Rossiter-McLaughlin detection of the 9-month period transiting exoplanet HIP41378 d

TL;DR

This study measures the orbital obliquity of the long-period Neptune-sized exoplanet HIP41378 d using the Rossiter-McLaughlin effect, demonstrating ground-based follow-up potential for small, long-period planets.

Contribution

First measurement of obliquity for a 278-day period exoplanet, expanding RM technique application to long-period, Neptune-sized planets.

Findings

HIP41378 d has a prograde orbit with an obliquity of approximately 57 degrees.

No transit timing variations detected within the observational precision.

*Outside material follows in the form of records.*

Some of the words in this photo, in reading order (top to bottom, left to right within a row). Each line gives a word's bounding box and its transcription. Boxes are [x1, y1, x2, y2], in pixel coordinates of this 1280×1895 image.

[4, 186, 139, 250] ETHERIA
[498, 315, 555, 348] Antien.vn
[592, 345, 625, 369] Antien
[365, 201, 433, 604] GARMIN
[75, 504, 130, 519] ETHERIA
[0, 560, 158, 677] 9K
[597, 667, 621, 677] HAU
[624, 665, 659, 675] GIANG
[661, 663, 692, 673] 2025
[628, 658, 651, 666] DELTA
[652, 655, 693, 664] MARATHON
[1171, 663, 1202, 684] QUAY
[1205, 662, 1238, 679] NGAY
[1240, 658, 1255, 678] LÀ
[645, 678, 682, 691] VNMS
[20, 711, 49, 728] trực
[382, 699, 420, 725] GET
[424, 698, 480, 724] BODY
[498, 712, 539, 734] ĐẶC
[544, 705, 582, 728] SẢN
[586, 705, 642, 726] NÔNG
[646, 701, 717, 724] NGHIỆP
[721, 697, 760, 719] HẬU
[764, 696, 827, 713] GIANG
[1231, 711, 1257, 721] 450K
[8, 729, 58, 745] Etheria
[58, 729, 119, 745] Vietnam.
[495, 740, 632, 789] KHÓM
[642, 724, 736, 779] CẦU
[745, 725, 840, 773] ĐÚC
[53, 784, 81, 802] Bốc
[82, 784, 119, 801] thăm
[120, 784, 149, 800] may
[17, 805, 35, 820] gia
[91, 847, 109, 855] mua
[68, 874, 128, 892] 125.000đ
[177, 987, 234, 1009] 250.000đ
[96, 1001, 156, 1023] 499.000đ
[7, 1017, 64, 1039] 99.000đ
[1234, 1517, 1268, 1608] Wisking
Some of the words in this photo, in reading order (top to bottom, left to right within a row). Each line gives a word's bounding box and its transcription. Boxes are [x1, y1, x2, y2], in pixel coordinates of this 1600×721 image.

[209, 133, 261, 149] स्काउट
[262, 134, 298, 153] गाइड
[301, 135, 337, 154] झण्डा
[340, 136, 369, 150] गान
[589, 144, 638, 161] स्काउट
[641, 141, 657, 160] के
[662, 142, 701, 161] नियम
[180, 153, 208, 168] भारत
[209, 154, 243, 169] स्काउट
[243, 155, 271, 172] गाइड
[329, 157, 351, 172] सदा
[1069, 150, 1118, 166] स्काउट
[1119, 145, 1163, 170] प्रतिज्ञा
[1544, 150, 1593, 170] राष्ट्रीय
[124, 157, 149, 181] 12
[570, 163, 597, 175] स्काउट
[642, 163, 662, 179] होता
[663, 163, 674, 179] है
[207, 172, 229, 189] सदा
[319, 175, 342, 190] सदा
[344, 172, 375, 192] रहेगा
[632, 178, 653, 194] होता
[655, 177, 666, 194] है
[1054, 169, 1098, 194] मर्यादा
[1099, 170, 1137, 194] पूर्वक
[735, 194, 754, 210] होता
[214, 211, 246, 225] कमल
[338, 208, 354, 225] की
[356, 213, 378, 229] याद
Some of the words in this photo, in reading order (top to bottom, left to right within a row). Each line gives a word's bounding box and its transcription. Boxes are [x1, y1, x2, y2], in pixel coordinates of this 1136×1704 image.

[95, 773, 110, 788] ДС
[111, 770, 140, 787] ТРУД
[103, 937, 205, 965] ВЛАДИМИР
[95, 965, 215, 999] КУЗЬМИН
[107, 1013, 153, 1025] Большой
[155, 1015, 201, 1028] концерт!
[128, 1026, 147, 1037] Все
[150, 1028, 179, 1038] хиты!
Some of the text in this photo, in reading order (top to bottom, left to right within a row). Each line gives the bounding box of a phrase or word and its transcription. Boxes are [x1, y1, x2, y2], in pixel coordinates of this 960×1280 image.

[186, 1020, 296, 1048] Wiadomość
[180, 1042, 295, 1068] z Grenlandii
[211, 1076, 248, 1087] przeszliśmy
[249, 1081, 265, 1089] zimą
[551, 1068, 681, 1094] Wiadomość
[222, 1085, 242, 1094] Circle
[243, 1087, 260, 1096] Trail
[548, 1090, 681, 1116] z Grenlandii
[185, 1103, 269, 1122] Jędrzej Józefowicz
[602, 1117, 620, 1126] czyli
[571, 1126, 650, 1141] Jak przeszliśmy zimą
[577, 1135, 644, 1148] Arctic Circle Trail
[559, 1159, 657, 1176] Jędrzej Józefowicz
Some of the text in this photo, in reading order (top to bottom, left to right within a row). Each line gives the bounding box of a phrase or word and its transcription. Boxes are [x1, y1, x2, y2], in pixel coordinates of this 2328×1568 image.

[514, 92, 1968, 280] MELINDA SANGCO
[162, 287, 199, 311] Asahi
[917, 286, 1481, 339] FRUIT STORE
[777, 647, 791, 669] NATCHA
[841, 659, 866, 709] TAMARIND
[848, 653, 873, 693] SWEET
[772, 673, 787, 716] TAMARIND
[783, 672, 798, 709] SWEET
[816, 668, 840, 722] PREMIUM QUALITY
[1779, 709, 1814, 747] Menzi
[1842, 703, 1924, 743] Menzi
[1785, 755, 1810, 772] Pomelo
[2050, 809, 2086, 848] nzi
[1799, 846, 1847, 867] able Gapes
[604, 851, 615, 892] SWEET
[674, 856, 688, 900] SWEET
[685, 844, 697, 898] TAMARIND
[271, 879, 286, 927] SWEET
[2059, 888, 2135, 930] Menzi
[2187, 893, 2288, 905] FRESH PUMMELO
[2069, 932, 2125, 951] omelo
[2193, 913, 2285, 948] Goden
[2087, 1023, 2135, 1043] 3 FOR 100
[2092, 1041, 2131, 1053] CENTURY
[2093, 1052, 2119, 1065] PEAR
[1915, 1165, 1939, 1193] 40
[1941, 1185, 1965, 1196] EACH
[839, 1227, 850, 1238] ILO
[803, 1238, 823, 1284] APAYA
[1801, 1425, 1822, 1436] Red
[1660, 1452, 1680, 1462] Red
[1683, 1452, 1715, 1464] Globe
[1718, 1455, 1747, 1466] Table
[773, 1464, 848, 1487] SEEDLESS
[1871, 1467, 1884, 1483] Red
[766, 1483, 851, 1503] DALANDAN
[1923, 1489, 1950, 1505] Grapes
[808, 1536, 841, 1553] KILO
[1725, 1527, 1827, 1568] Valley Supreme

Confirms RM effect as a viable method for ground-based follow-up of small, long-period exoplanets.

Abstract

The Rossiter-McLaughlin (RM) effect is a method that allows us to measure the orbital obliquity of planets, which is an important constraint that has been used to understand the formation and migration mechanisms of planets, especially for hot Jupiters. In this paper, we present the RM observation of the Neptune-sized long-period transiting planet HIP41378 d. Those observations were obtained using the HARPS-N/TNG and ESPRESSO/ESO-VLT spectrographs over two transit events in 2019 and 2022. The analysis of the data with both the classical RM and the RM Revolutions methods allows us to confirm that the orbital period of this planet is 278 days and that the planet is on a prograde orbit with an obliquity of $\lambda$ = 57.1+26.4-17.9 degrees, a value which is consistent between both methods. HIP41378 d is the longest period planet for which the obliquity was measured so far. We do not detect transit timing variations with a precision of 30 and 100 minutes for the 2019 and 2022 transits, respectively. This result also illustrates that the RM effect provides a solution to follow-up from the ground the transit of small and long-period planets such as those that will be detected by the forthcoming ESA's PLATO mission.